Spending a day at the American Museum of Natural History is always a joy. Particularly in its fourth floor fossil halls, AMNH stands head and shoulders above peer museums in the sheer breadth of collections on display. Something in the ballpark of 600 fossil vertebrate specimens are included, including no less than 135 mounted skeletons. Many of these represent taxa that cannot be seen anywhere else in North America. With each visit, however, I feel more and more that the AMNH fossil halls are showing their age. This is not surprising—the current exhibition opened in stages between 1994 and 1996. Strange as it seems to aging millennials like myself, that was 30 years ago. By comparison, the prior iteration of the fossil halls was completed in 1956, and was 31 years old when renovation planning began in 1987.

In their time, the current fossil halls were a monumental accomplishment—taking nine years to complete and costing $44 million (which would be more than $90 million today). Steering the ship was Lowell Dingus, a paleontologist by training who assumed the role of Project Director for the renovation. Dingus led a twenty-person team of AMNH researchers, writers, and preparators dedicated to the project, and Ralph Appelbaum Associates was hired to design a new look for the halls.
Initially, the intention was to only replace the two oldest halls, which featured Cenozoic mammal fossils. Some of these displays had not been altered since the 1920s, and others were boarded over because so many specimens had been removed for study or conservation. But when George Langdon and William Moynihan took over museum leadership positions, they decided to expand the project to include the two dinosaur halls. With the further addition of a new Hall of Vertebrate Origins (in a space previously occupied by the library) and a fourth floor Orientation Center, the project rapidly ballooned to cover 40,000 square feet of exhibit space and the entire story of vertebrate evolution.
On the design side, the team sought to restore the original architecture in each hall, ensuring that both the specimens and the spaces they occupied would come, as Dingus put it, “as close to their original grandeur as possible.” In many cases, century-old architectural elements—such as windows and molded ceilings—were still intact behind panels that had been installed over them during previous renovations. These features were painstakingly restored, or when necessary, recreated. Classic decorative elements, from the colonnades to the elegant chandeliers, were reintroduced.

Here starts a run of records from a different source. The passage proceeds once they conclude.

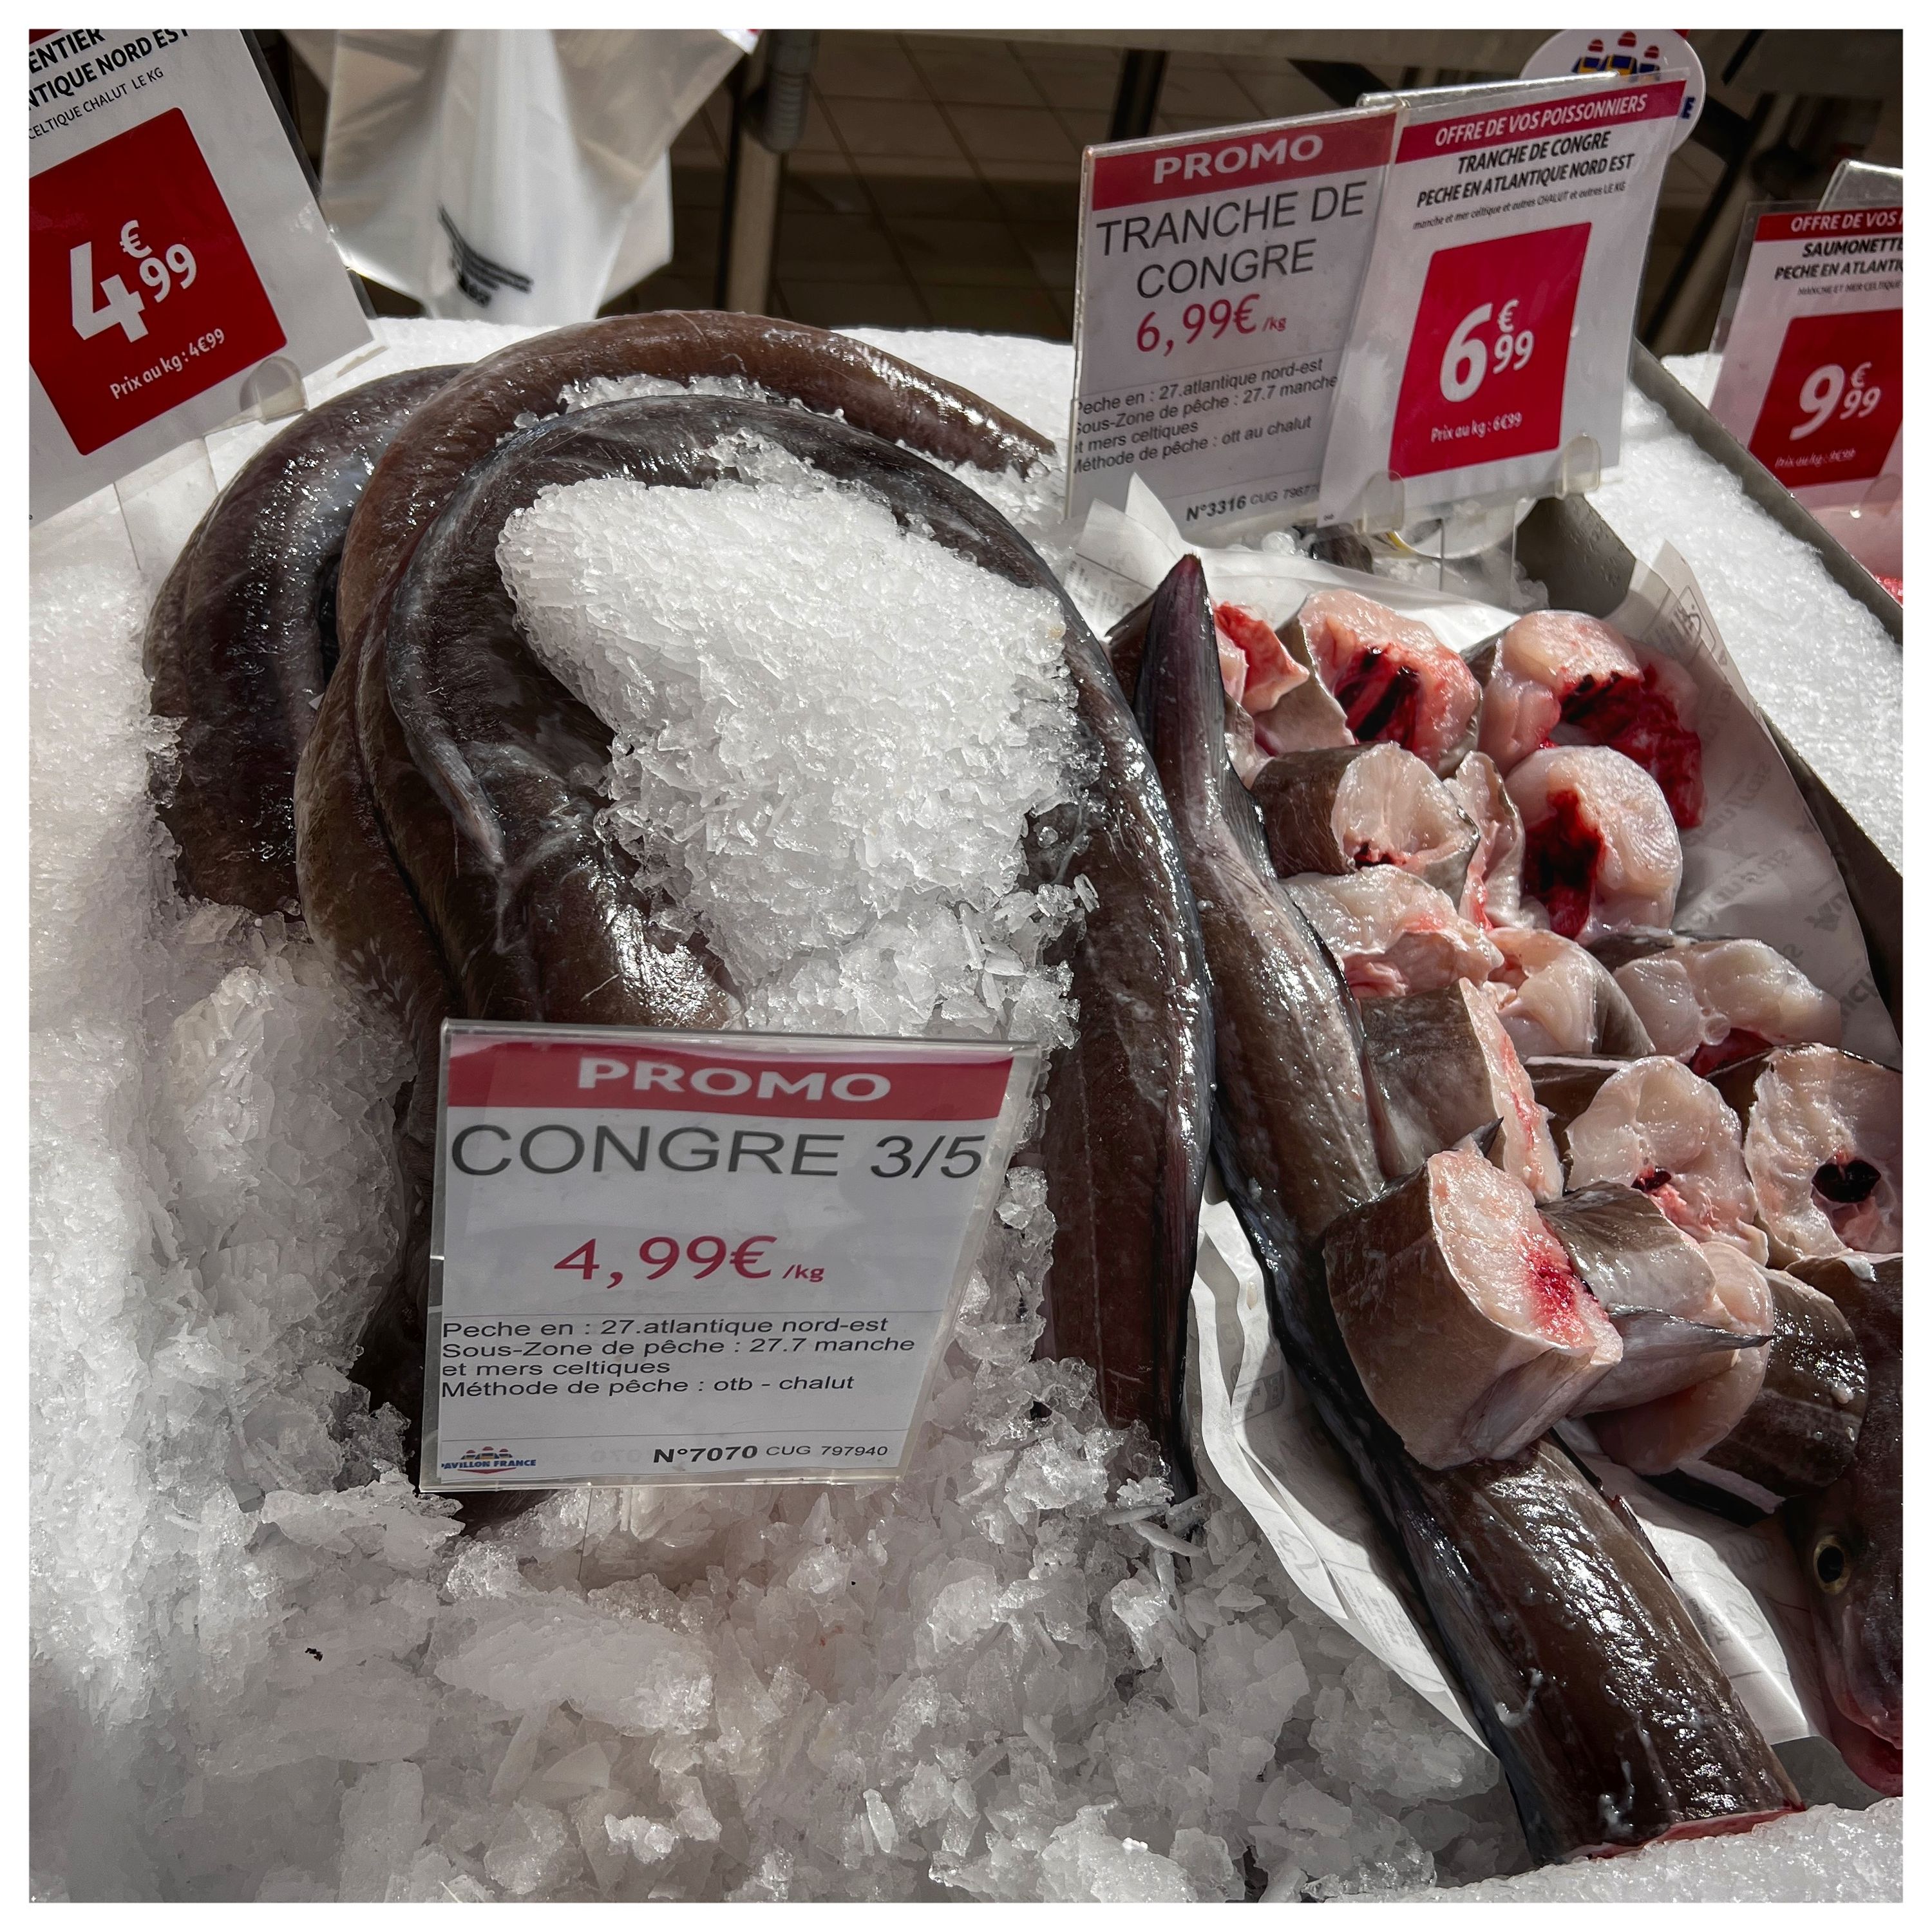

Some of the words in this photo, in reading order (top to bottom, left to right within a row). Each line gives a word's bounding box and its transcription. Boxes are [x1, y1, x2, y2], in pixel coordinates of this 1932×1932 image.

[95, 37, 153, 75] NORD
[83, 84, 128, 112] CHALUT
[131, 73, 146, 90] LE
[146, 67, 164, 82] KG
[1435, 120, 1482, 147] OFFRE
[1484, 116, 1507, 138] DE
[1508, 109, 1539, 133] VOS
[1541, 93, 1647, 127] POISSONNIERS
[1153, 135, 1323, 184] PROMO
[1457, 142, 1526, 175] TRANCHE
[1528, 138, 1548, 162] DE
[1551, 131, 1611, 157] CONGRE
[1417, 184, 1461, 208] PECHE
[1462, 180, 1482, 199] EN
[1482, 167, 1567, 194] ATLANTIQUE
[1569, 159, 1607, 179] NORD
[1608, 153, 1634, 171] EST
[1097, 191, 1298, 256] TRANCHE
[1311, 182, 1367, 222] DE
[1791, 215, 1841, 232] OFFRE
[1842, 213, 1863, 229] DE
[1867, 211, 1896, 227] VOS
[1137, 239, 1316, 298] CONGRE
[1774, 265, 1820, 281] PECHE
[1821, 263, 1839, 278] EN
[1136, 294, 1260, 356] 6,99€
[1262, 317, 1286, 332] /kg
[110, 375, 142, 399] Prix
[143, 366, 162, 383] au
[160, 355, 182, 372] kg
[189, 328, 225, 357] 4€99
[1126, 394, 1144, 406] en
[1159, 373, 1256, 399] 27.atlantique
[1260, 359, 1323, 383] nord-est
[1159, 404, 1179, 419] de
[1183, 394, 1229, 418] pêche
[1243, 386, 1274, 404] 27.7
[1280, 375, 1338, 397] manche
[1088, 435, 1126, 451] mers
[1131, 420, 1198, 446] celtiques
[1139, 446, 1158, 460] de
[1162, 437, 1208, 459] pêche
[1222, 431, 1240, 445] ott
[1244, 428, 1263, 440] au
[1267, 415, 1311, 435] chalut
[1431, 425, 1454, 442] Prix
[1455, 426, 1470, 439] au
[1472, 421, 1485, 438] kg
[1186, 495, 1245, 522] N°3316
[1250, 491, 1278, 505] CUG
[577, 1057, 890, 1101] PROMO
[451, 1124, 845, 1177] CONGRE
[870, 1134, 986, 1180] 3/5
[553, 1235, 777, 1289] 4,99€
[782, 1264, 825, 1282] /kg
[442, 1321, 531, 1338] Peche
[540, 1323, 574, 1335] en
[601, 1318, 772, 1336] 27.atlantique
[782, 1318, 889, 1332] nord-est
[442, 1341, 592, 1358] Sous-Zone
[602, 1339, 635, 1355] de
[645, 1339, 725, 1358] pêche
[750, 1338, 806, 1352] 27.7
[815, 1336, 915, 1352] manche
[442, 1362, 467, 1376] et
[475, 1364, 543, 1376] mers
[553, 1359, 671, 1378] celtiques
[442, 1379, 559, 1397] Méthode
[569, 1379, 600, 1395] de
[609, 1378, 688, 1397] pêche
[714, 1377, 752, 1391] otb
[779, 1375, 854, 1390] chalut
[653, 1445, 758, 1463] N°7070
[766, 1446, 811, 1456] CUG
[821, 1445, 889, 1456] 797940

Dingus also had transformative plans for the fourth floor’s interpretation and organization. Rather than the traditional walk through time that characterized the midcentury exhibits, the renovated halls would be arranged according to phylogenetic classification: visitors were meant to explore the vertebrate family tree as they moved through the fourth floor galleries. Each large hall represented a major branch, and was further divided into smaller alcoves representing specific groups, like turtles, artiodactyls, or ornithomimid dinosaurs.
While this organization closely matched how paleontologists think about life on Earth (particularly those at AMNH who helped pioneer the cladistic methodology), it is unfamiliar to most visitors. For Dingus and his colleagues, this wasn’t a flaw—it was the point. “Is it enough simply to discuss what visitors want to know about,” Dingus wrote at the time, “or do exhibitions have a responsibility to broaden their audiences’ horizons by presenting challenging information?”

Dingus was planting a big, blue AMNH flag on one side of an ongoing debate about the role of museums and the purpose of their exhibits. “There is a prominent, contemporary school of exhibition design that advocates giving the visitor only what he or she asks for,” he wrote. “I vehemently disagree with this philosophy. We cannot pitch all the information to the lowest common denominator of interest and intellect.”
Dingus was likely referring to the philosophy championed by Michael Spock, who was at that time the Vice President for Public Programming at the Field Museum of Natural History. Spock had previously gained industry attention for his exploratory, interactive exhibitions at the Boston Children’s Museum. At the Field Museum, his approach was to make exhibitions “for someone, rather than about something.” Under Spock, projects began by asking community members what they were curious about, rather then by dictating what was important. Spock-era exhibits were filled with interactive and touchable displays meant to illustrate scientific concepts—some more successfully than others. They also tended to embrace a “less is more” aesthetic, taking deep dives into a few examples rather than trying to represent the full breadth of the museum’s collection.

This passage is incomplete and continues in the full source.